Same for the Umpqua Valley. On the valley floor its a total crapshoot whether we’ll see snow in any given winter but up in the cascades we’ve already had a couple of dustings of snow. The elevation can change dramatically within a few miles so it’s very location-depenent whether or not someone locally will have snow on the ground. Last year at my house we had a couple of inches fall a day or two after Christmas and it stayed on the ground for a few days. My coworker who lives 20 miles away as the crow flies had 3 feet of snow from the same storm.

Before that the last “major” snow was at the end of February 2019. That was a whole lot of not fun – folks around here aren’t prepared for snow so the whole county came to a standstill. Several inches on the valley floor and several feet in the mountains. Actually, I think the whole southern half of the state suffered. It stayed on the ground for a week or so which was the first time since the late 60’s we’ve had that much snow stay for that long. An inch of snow will shut down schools, 3 or 4" start affecting the power grid, and people generally act like incompetent idiots (and I join the ranks of the ignorant depending on the situation – I have no idea how to drive in snow, for instance).

I don’t recall ever seeing snow on the ground in April but it maybe it did when I was a kid.

I give in a couple of weeks. Surprised we haven’t had snow yet as it’s Halloween already.

That April thing was a bit of a shocker, one does NOT expect that here! The only saving grace was that at near sea level, as most of the city lies, got the merest dusting but those of us at any elevation (I’m at around 300 ft and if I go a mile south it gets over 500) got slapped right well with it. And it didn’t melt quickly either, usually things warm up a bit and the rain takes care of the snow but it stayed dry and cold for several days and my poor fruit trees were in full bloom during it all and no pollinators could get to the flowers. It was freakish.
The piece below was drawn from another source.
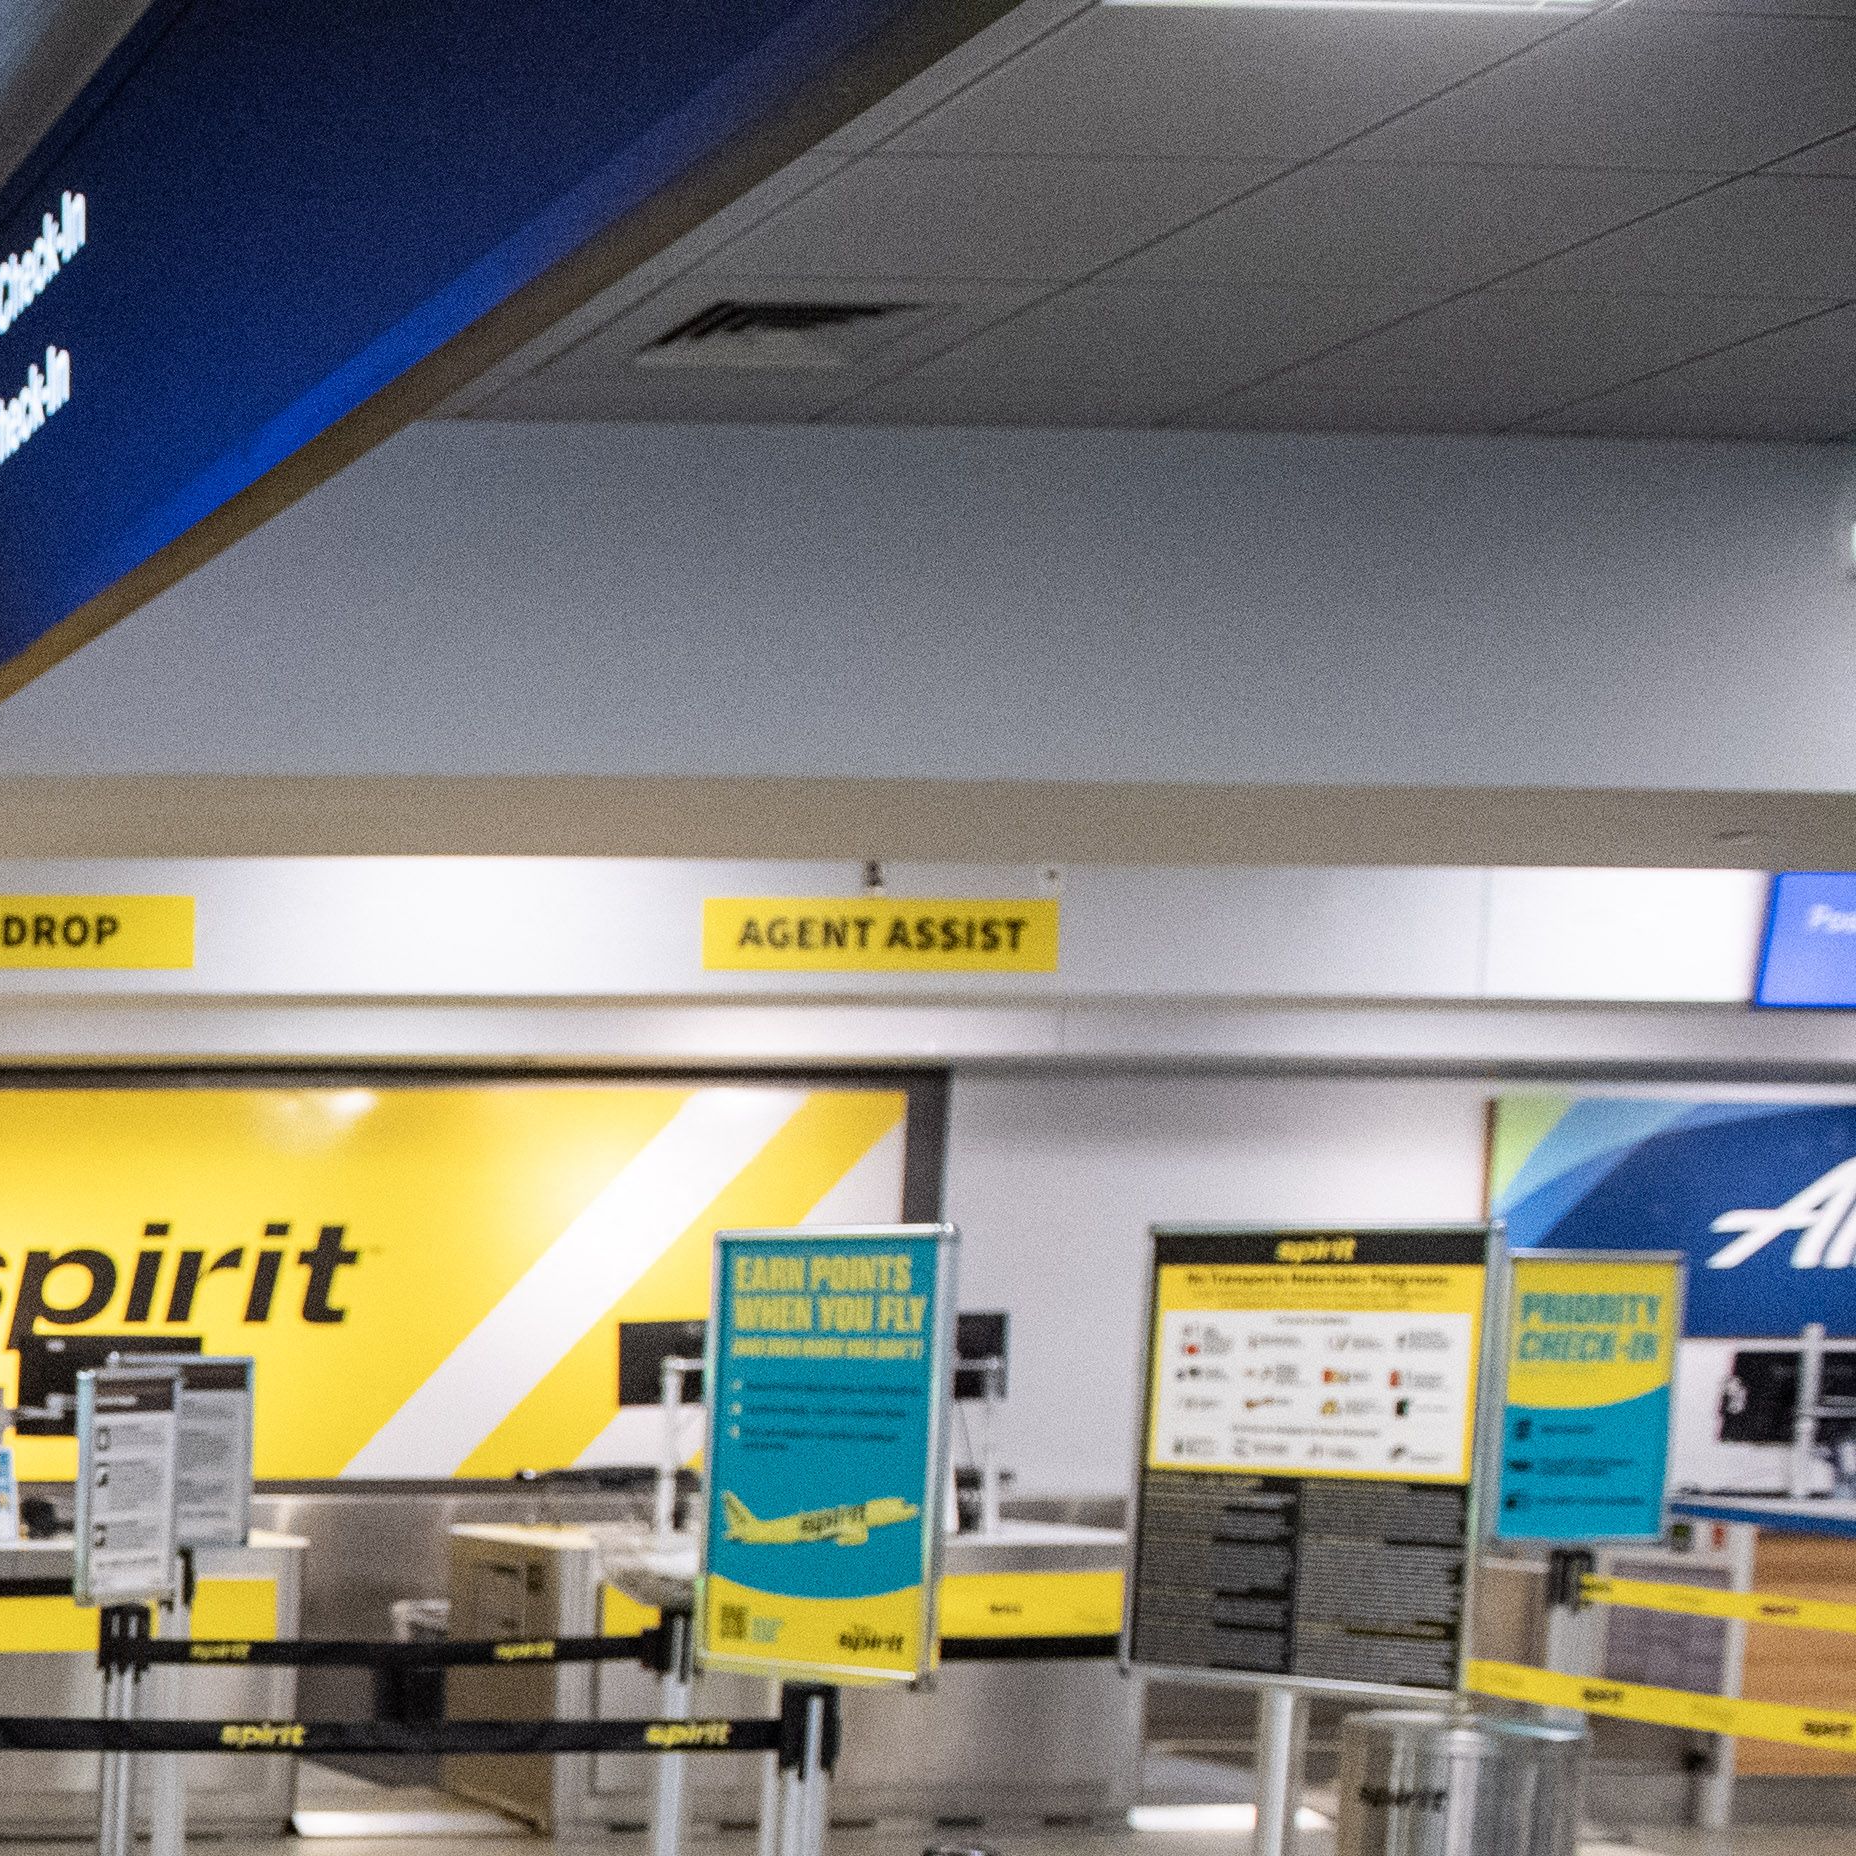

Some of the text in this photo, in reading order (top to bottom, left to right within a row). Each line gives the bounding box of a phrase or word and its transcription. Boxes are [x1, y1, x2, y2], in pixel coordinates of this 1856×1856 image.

In the UK, surrounded by the sea and benefitting from a conveyor of warm water courtesy of the Gulf Stream. It never gets too extreme. In London we might get a few days snow in January or February. Anything more than that and there will be state of national emergency and questions will be asked in Parliament why there is a shortage of road salt. Continental types, especially those living at elevation, tend to smirk at this notion. I don’t envy them. Especially not this winter and the looming European energy crisis. So far it has been unusually mild for this time of year, about 19C, normally it would be around 12C. I hope it lasts, though a frosting of snow at Christmas would make the place look pretty. It does not happen often.

Ours happened in 1991 and Minneapolis was caught without the plows on the trucks yet. It sure made for a difficult winter in that city because the snow didn’t melt; there was too much of it. I lived in St. Paul, which was able to plow out, but it was hard going. Snow usually doesn’t stick around until Thanksgiving or later.

I have heard those stories. They may be apocryphal or simply catering to the tourist market.
Dunno.

The locals prefer a cheap, wide brimmed alternative as protection.
The downside against their use in your climate is that they’d require their own snow plow.

I’m in eastern Iowa, and the first measurable snow usually comes sometimes in November.

However, a couple weeks ago, the air temperature on the ground was in the 40s and we still got snowflakes anyway. That was weird.

Au contraire, my inverted friend. There is ample scientific support for my statement, as noted below. To which I can only add a paraphrase of a statement from the esteemed philosopher and polymath, Bugs Bunny, the original version of which was famously directed to his contemporary, Yosemite Sam: “The moon isn’t upside down, doc. YOU are!”

This is deniably true.

This is a matter of your perception of my perception.
There’s nowt but northern hemisphere bias and precedent as to whether one, or indeed either is correct.